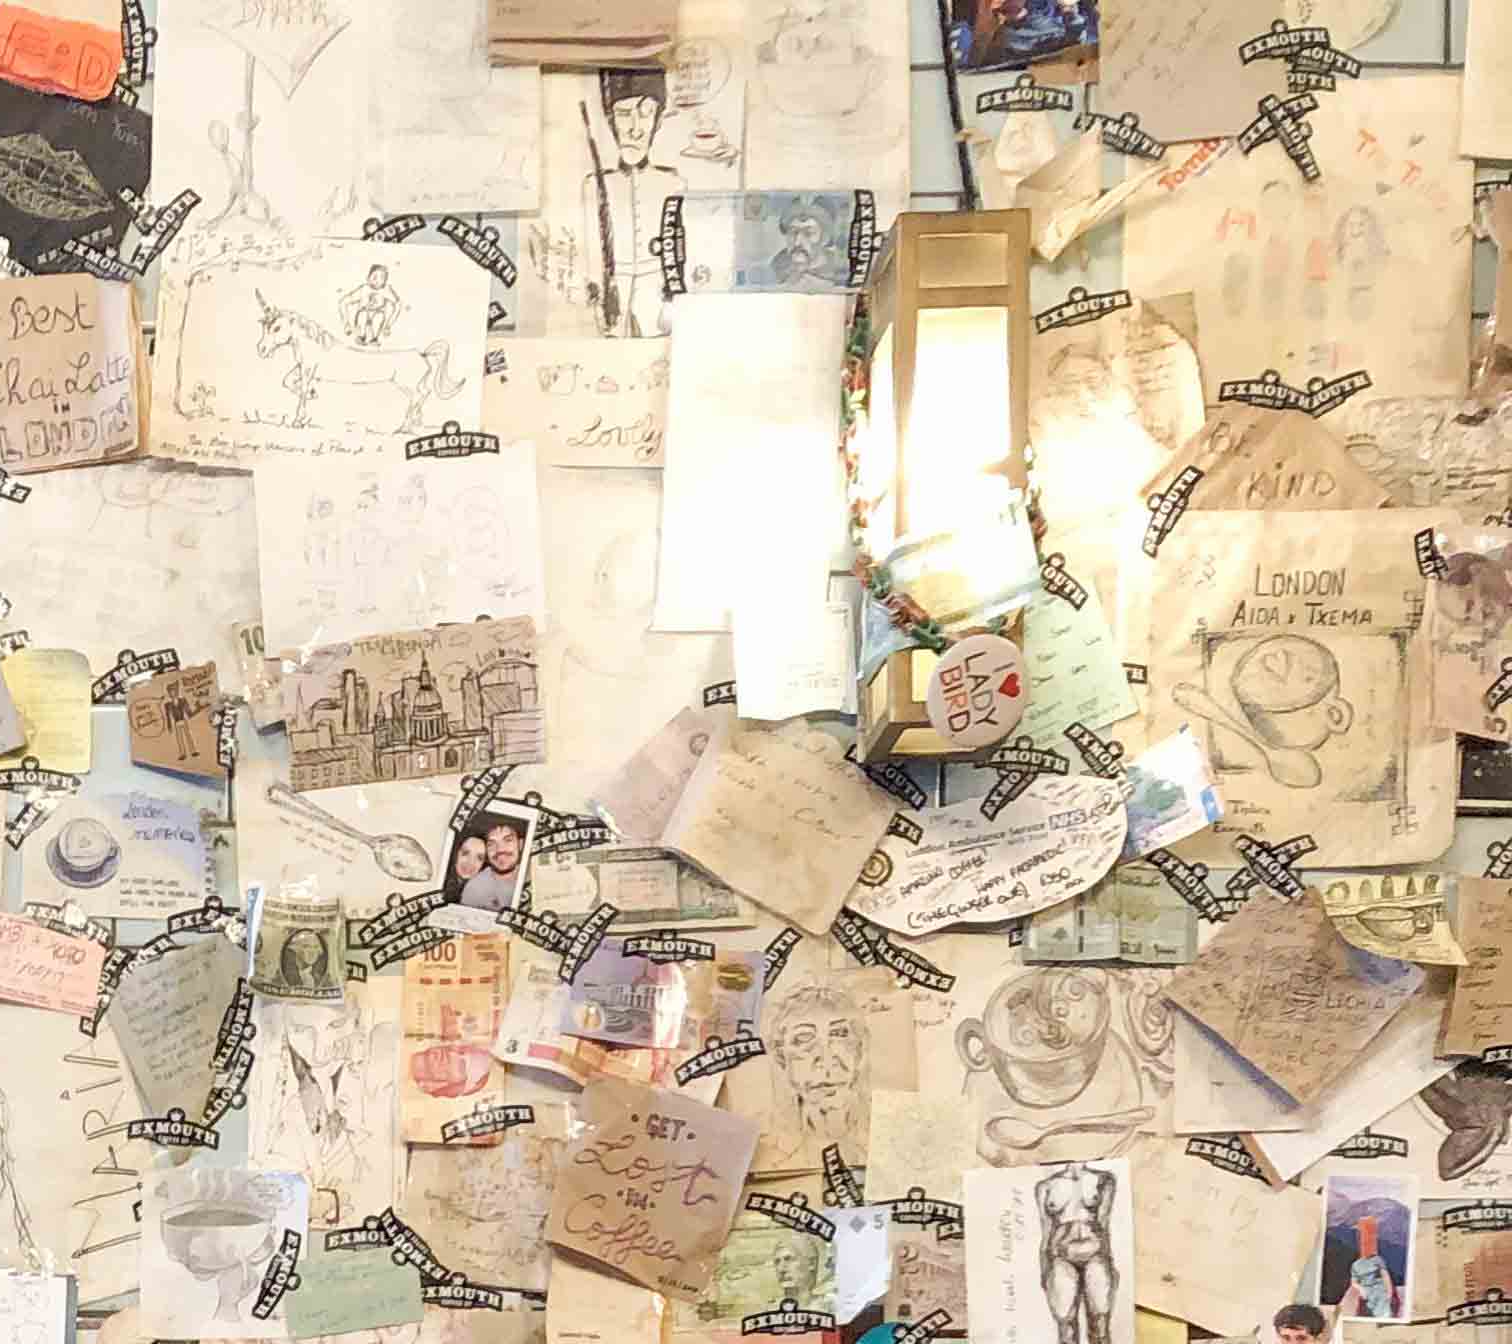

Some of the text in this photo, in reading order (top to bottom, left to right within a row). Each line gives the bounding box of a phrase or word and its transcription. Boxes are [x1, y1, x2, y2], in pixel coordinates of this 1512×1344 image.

[1241, 30, 1329, 62] EXMOUTH
[439, 217, 516, 286] EXMOUTH
[662, 197, 686, 293] EXMOUTH
[851, 190, 873, 287] EXMOUTH
[8, 290, 95, 341] Best
[1037, 292, 1131, 331] EXMOUTH
[407, 433, 498, 458] EXMOUTH
[1255, 563, 1346, 598] LONDON
[962, 650, 1000, 728] LADY
[624, 938, 714, 960] EXMOUTH
[675, 1039, 764, 1084] EXMOUTH
[129, 1122, 218, 1147] EXMOUTH
[441, 1105, 534, 1142] EXMOUTH
[645, 1115, 689, 1139] GET
[564, 1194, 684, 1265] Coffee
[747, 1193, 835, 1241] EXMOUTH
[743, 1314, 833, 1331] EXMOUTH
◆ ◆ ◆ ◆ ◆
## Task objective
Give the listing above again word for word, without its pictures.

## Result
Some of the text in this photo, in reading order (top to bottom, left to right within a row). Each line gives the bounding box of a phrase or word and its transcription. Boxes are [x1, y1, x2, y2], in pixel coordinates of this 1512×1344 image.

[1241, 30, 1329, 62] EXMOUTH
[439, 217, 516, 286] EXMOUTH
[662, 197, 686, 293] EXMOUTH
[851, 190, 873, 287] EXMOUTH
[8, 290, 95, 341] Best
[1037, 292, 1131, 331] EXMOUTH
[407, 433, 498, 458] EXMOUTH
[1255, 563, 1346, 598] LONDON
[962, 650, 1000, 728] LADY
[624, 938, 714, 960] EXMOUTH
[675, 1039, 764, 1084] EXMOUTH
[129, 1122, 218, 1147] EXMOUTH
[441, 1105, 534, 1142] EXMOUTH
[645, 1115, 689, 1139] GET
[564, 1194, 684, 1265] Coffee
[747, 1193, 835, 1241] EXMOUTH
[743, 1314, 833, 1331] EXMOUTH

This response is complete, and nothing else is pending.